On hearing about the decoration given to Hungary’s champion of hatred, the Simon Wiesenthal Center, a global human rights watchdog agency, issued the following statement: “For the Hungarian government to take this step, less than a year after chairing the International Holocaust Remembrance Alliance, gives credence to the claim that their chairmanship was just a cynical act of political manipulation. The true face of the Orbán government is revealed in its continued efforts to honor racist and anti-Semitic figures of Hungary’s past.”

The Washington based Holocaust Memorial Museum also expressed its outrage about Bayer’s award : “[It] reflects the long-standing refusal of the leadership of Hungary to distance itself from …xenophobic, antisemitic, and anti-Roma incitement”.

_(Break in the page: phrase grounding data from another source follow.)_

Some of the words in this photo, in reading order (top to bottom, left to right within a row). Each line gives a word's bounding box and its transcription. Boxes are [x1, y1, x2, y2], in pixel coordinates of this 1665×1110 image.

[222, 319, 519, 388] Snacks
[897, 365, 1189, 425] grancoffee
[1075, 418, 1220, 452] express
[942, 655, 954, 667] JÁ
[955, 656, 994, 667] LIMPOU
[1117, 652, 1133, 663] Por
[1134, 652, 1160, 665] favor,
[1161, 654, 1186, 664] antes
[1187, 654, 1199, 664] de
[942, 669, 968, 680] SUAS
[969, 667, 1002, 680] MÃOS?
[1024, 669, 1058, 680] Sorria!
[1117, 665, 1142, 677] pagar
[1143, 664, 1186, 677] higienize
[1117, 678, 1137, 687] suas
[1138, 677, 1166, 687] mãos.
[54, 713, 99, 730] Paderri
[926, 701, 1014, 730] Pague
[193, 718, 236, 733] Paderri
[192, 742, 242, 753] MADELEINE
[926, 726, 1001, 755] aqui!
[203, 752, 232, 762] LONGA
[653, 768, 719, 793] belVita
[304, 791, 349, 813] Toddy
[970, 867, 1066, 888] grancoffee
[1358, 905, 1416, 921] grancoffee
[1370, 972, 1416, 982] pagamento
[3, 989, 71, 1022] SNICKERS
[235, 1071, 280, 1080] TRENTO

Since August 20th more than a hundred previous recipients of the Order of Merit have returned their awards in protest. Among them are László Rajk, the artistic director of the Oscar winning Hungarian film, The Son of Saul, and the President of the Federation of Hungarian Jewish Communities, András Heisler. It is time that Canadians also make their voices heard.

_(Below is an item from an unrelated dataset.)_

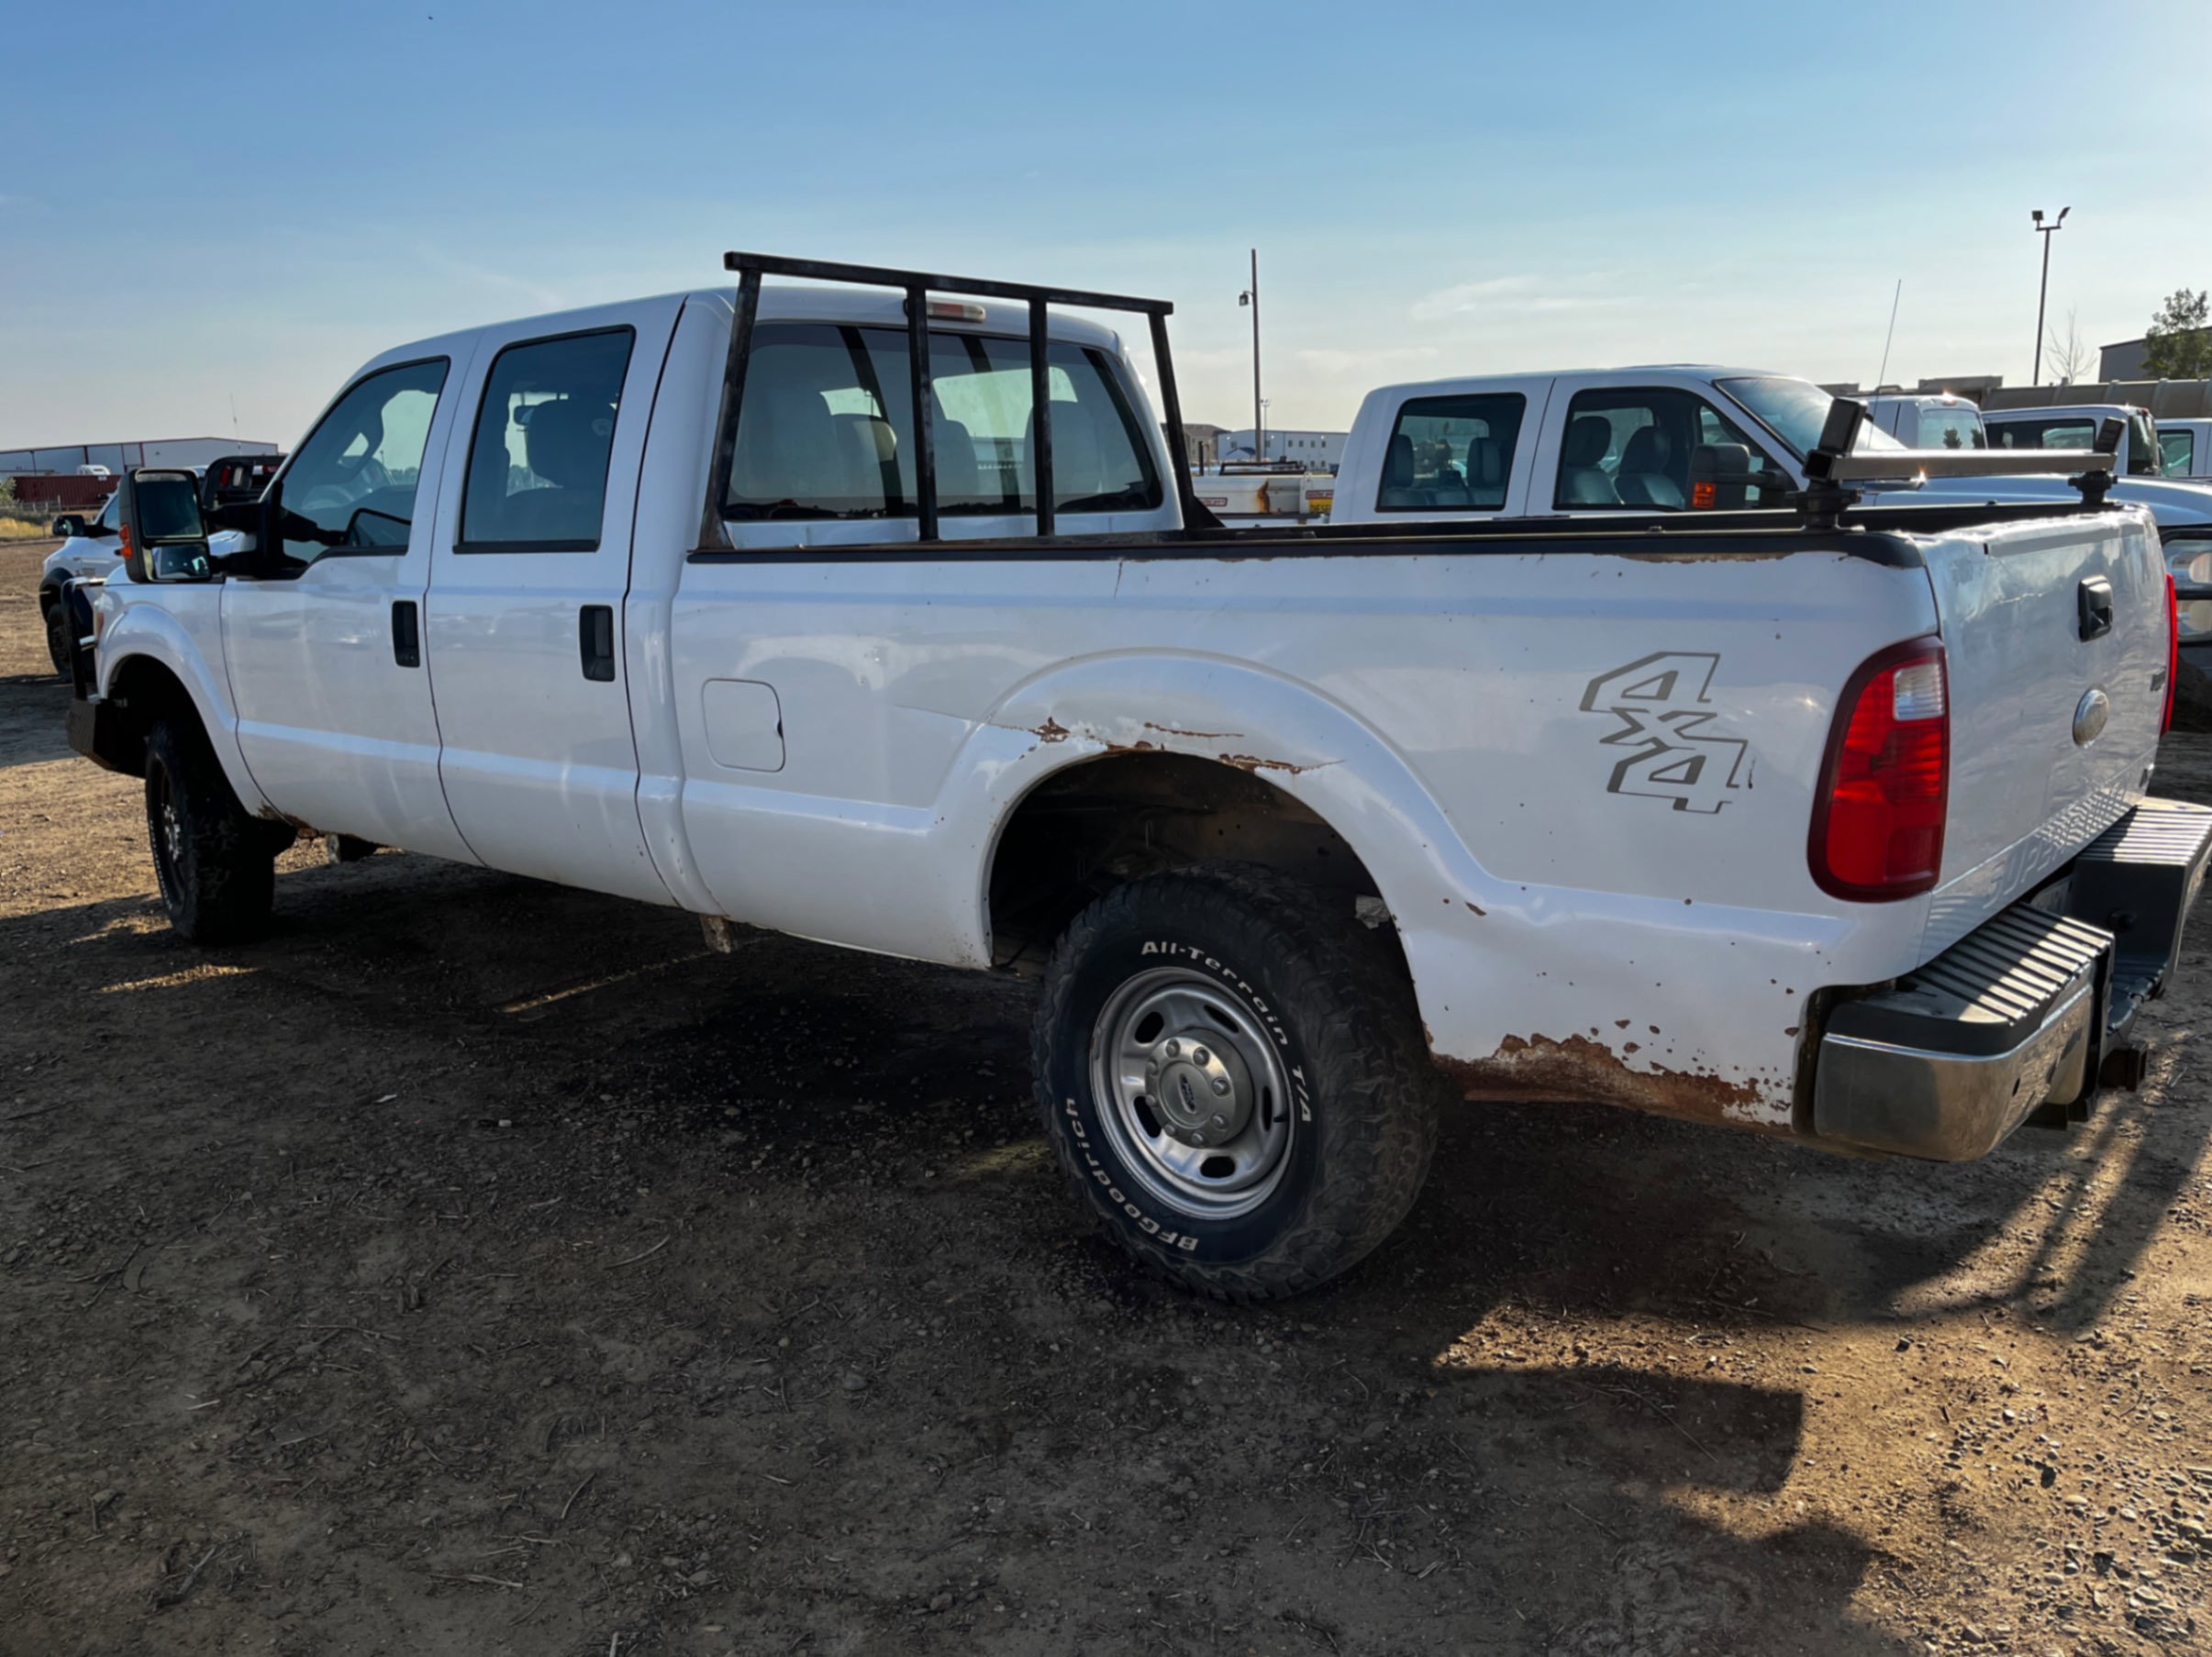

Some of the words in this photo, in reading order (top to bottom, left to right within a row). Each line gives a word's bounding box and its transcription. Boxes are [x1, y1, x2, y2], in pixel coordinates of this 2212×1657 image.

[1140, 941, 1288, 1045] All-Terrain
[1292, 1065, 1312, 1121] T/A
[1066, 1098, 1199, 1251] BFGoodrich

While some artists and community activists are dealt with by the Orbán government using detention and intimidation, others–like Hungarian composer and conductor Iván Fischer–have seen their funding cut, for political reasons. Mr. Fischer had been critical of the politics of Prime Minister Orbán and this was reason enough to slash public funds to his organization.

In England, the British Writers’ Guild and Equity, the two bodies that speak for British writers, screenwriters and actors, have refused for years to have anything to do with events organized in the UK by the Hungarian government because of its well documented support for hate mongers. It is time for Canadians of good will and all those who respect artistic freedom, freedom of speech, and civil rights to raise their voices against the Hungarian government’s abusive civil rights practices. The CHDC applauds the artists and all the performers at the Montreal Hungarian Festival, but condemns the Hungarian government for using art as a camouflage for its wrongdoings.

Dr. Christopher Adam. Co-Founder and International Spokesperson
Sessional Lecturer, Department of History, Carleton University, Ottawa, Ont.

Dr. András B. Göllner. Founder and Spokesperson
Emeritus Associate Professor, Department of Political Science, Concordia University, Montreal, Que.

Dr. Stevan Harnad. Co-fondateur et porte-parole, langue française
Professeur de psychologie, UQÀM, and External Member, Hungarian Academy of Sciences.

Dr. Peter Klein. Founder and Spokesperson
Associate Professor, Graduate School of Journalism, University of British Columbia.

Dr. Imre Szeman. Co-Founder and Spokesperson
Canada Research Chair in Cultural Studies and Professor of English, Film Studies, and Sociology, University of Alberta.

The Canadian Hungarian Democratic Charter  

 Ottawa, ON   September 1st, 2016


The Canadian-Hungarian Democratic Charter (CHDC) is a non-partisan civil rights advocacy group, based in Ottawa, Canada. It was launched on the occasion of the 55th anniversary of the Hungarian people’s 1956 uprising for freedom against Soviet occupation.